The probability of making a Type II error is equal to beta. A Type II error is failure to reject the null when it is false. The power of the test is 1-beta and is the correct decision of rejecting the null when it is false. The alpha level directly affects the power of a test. The higher the level, the more powerful the test. Sample size also affects power. If your question is asking to calculate the actual power of the test, you will need to find methods to calculate beta.

I hope this helps.

To calculate the power of the test, we need to determine the probability of rejecting the null hypothesis when the alternative hypothesis is true. In this case, the null hypothesis (Ho) is that the proportion of voters who support the measure is 0.5, and the alternative hypothesis (H1) is that the proportion is not equal to 0.5.

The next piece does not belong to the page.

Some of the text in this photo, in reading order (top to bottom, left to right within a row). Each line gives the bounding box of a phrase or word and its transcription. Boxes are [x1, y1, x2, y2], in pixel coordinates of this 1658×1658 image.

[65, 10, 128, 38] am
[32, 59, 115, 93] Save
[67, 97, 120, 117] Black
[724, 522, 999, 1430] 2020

To find the power of the test, we need the sample size (n), the significance level (α), and the true proportion (P).

Given:
Sample size (n) = 200
Significance level (α) = 5% = 0.05
True proportion (P) = 0.55

The power of the test can be calculated using statistical software or by referring to a table of the standard normal distribution. Since the calculations are complex, I will explain the general steps involved.

1. Calculate the standard error (SE) of the sample proportion using the formula:
SE = sqrt((P * (1 - P)) / n)
For the given values: SE = sqrt((0.55 * (1 - 0.55)) / 200)

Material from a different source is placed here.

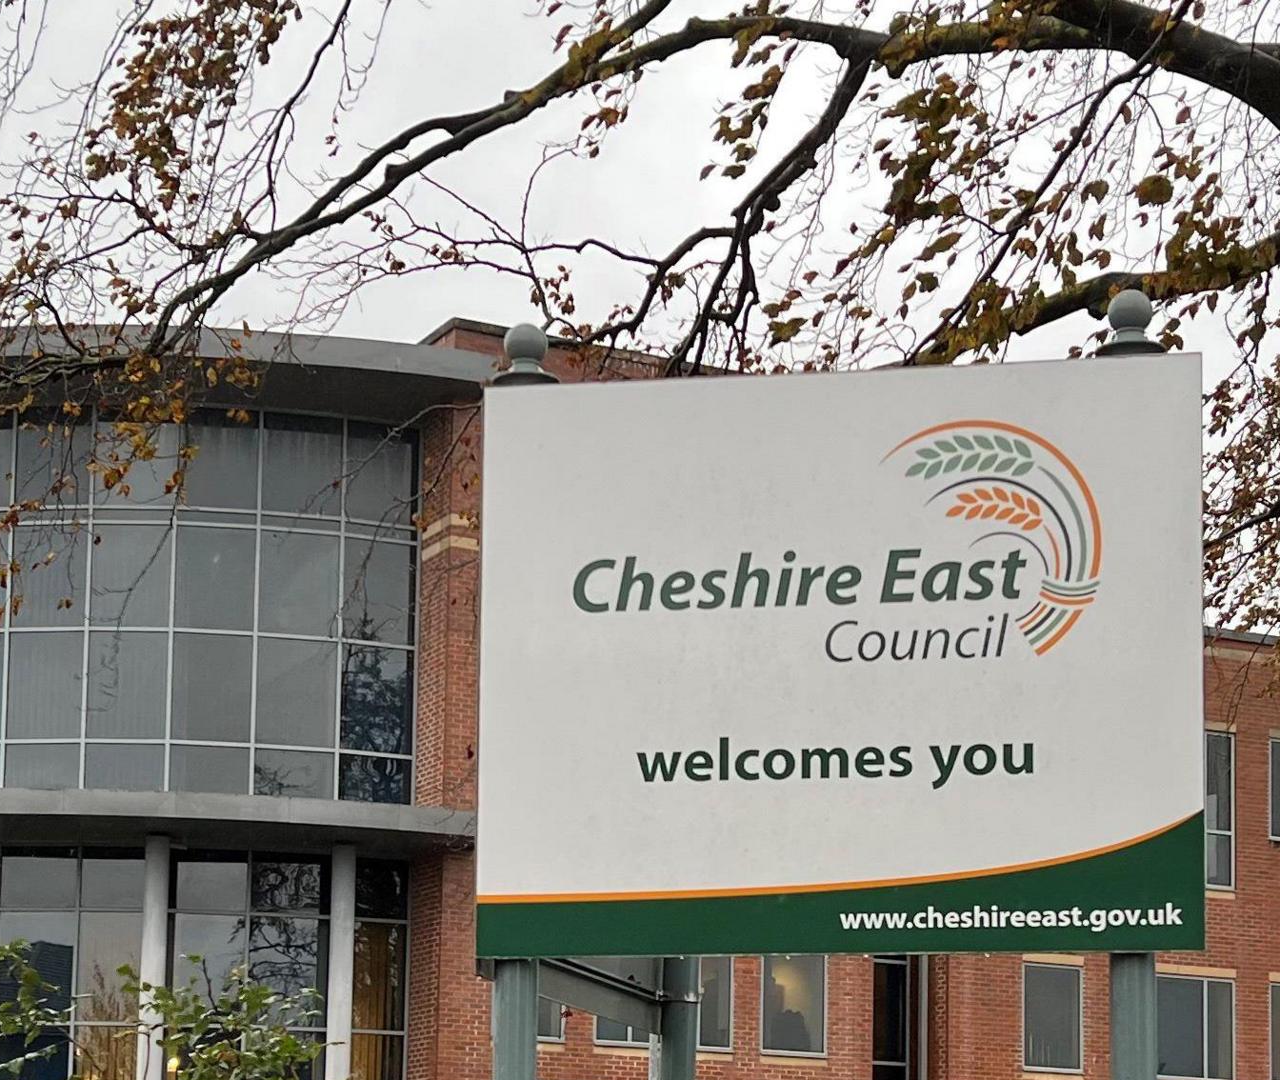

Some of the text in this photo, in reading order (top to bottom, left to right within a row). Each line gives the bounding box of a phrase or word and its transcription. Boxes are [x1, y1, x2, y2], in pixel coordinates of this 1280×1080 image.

[573, 548, 1029, 615] Cheshire East
[824, 613, 1012, 664] Council
[636, 737, 1036, 791] welcomes you
[840, 903, 1185, 933] www.cheshireeast.gov.uk

2. Determine the critical values (z) for the rejection regions based on the significance level. Since the alternative hypothesis is two-sided, we divide the significance level by 2 and find the critical values from the standard normal distribution. In this case, the critical values are -1.96 and 1.96 (for a 5% significance level).

3. Calculate the standardized test statistic (z):
z = (sample proportion - hypothesized proportion) / SE
For the given values: z = (0.55 - 0.5) / SE

4. Calculate the power of the test by determining the probability of obtaining a test statistic outside the rejection region, given the true proportion:
Power = P(z < -1.96 or z > 1.96 | true proportion)
This probability can be calculated using the standard normal distribution or statistical software.

You can use online calculators or statistical software (such as R or Python) to calculate the power of the test using the given values. Just input the necessary parameters, including the sample size, significance level, hypothesized proportion, and true proportion. The software will provide you with the power of the test.